It is a particular pleasure to follow my hon. Friend the Member for Daventry (Chris Heaton-Harris) because he has gone through so much of the rather painful detail of what this money goes towards. I congratulate my hon. Friend the Minister on putting his case as he did. I could not quite decide whether he was modelling himself on Horatius at the bridge or the boy who stood on the burning deck, because I noticed that he was not supported not only by his Secretary of State but by any Secretary of State. He had the occasional support of the Lord Privy Seal, and I am glad that he now has the support of the Minister for Europe, but I think he should feel rather let down by Ministers who have not turned out in greater numbers to rally to this particularly disagreeable cause.
I will mention in passing the first part of the Bill, on archives and the value—or the vanity—of archives. When I was doing my A-levels, I was told that if ever we ran out of something to say when discussing 16th-century history, we should always refer to a report sent by the Venetian ambassador. That is because the archives in Venice were so great—so large and comprehensive—that nobody ever went through them all, and therefore if we attributed a view to the Venetian ambassador nobody could tell us that we were wrong. In the same way, if we were to visit the Escorial we would find that some of the documents of Philip II of Spain still have on them the sand used to blot the ink, because nobody has looked at them in the many hundreds of years that have passed. I have a feeling that the institute in Florence—this wonderful, glorious, illustrious European institute that is going to educate us so much about the virtues and kindness of the European Union—will find that the sand remains on these documents until scholars yet unborn finally get round to sweeping it off.

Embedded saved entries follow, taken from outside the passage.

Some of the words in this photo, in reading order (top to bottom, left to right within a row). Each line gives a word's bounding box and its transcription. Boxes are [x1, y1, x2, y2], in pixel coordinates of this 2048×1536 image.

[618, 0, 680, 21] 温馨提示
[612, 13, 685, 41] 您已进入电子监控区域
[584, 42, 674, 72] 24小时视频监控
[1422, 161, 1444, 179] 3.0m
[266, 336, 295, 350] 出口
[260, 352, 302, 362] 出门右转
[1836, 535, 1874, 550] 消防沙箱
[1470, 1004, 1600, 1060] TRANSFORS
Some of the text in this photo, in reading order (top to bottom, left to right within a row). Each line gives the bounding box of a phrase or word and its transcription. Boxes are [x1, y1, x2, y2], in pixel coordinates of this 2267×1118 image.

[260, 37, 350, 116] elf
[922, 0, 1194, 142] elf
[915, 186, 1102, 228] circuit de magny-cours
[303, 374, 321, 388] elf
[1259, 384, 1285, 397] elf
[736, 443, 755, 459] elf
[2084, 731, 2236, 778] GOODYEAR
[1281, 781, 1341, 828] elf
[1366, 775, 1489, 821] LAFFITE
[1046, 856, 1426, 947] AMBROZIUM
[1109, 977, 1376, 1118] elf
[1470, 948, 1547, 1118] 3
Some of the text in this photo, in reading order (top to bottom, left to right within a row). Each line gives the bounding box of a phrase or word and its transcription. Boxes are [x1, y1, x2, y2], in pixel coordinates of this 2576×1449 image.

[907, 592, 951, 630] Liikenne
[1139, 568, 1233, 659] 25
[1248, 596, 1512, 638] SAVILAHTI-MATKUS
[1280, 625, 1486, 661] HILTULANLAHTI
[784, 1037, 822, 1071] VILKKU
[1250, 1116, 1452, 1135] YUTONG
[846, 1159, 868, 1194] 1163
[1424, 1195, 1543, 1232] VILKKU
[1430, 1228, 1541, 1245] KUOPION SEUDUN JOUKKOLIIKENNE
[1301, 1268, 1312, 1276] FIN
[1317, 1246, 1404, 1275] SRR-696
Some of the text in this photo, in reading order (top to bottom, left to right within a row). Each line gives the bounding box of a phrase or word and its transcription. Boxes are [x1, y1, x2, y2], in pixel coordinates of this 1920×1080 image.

I want to deal most particularly with the idea of “Europe for Citizens”. Let me start by saying that I object to the idea that I am a citizen of Europe in the first place. I do not believe that it is, was or ever could be legitimate to foist a citizenship on people who have not asked for it or were not born into it. To say in about 1990, as the Maastricht treaty came through, that those of us who were proud to be subjects of Her Majesty were suddenly also citizens of some foreign multinational organisation seems to me an affront. Therefore, I deny— I repudiate—my citizenship of this body.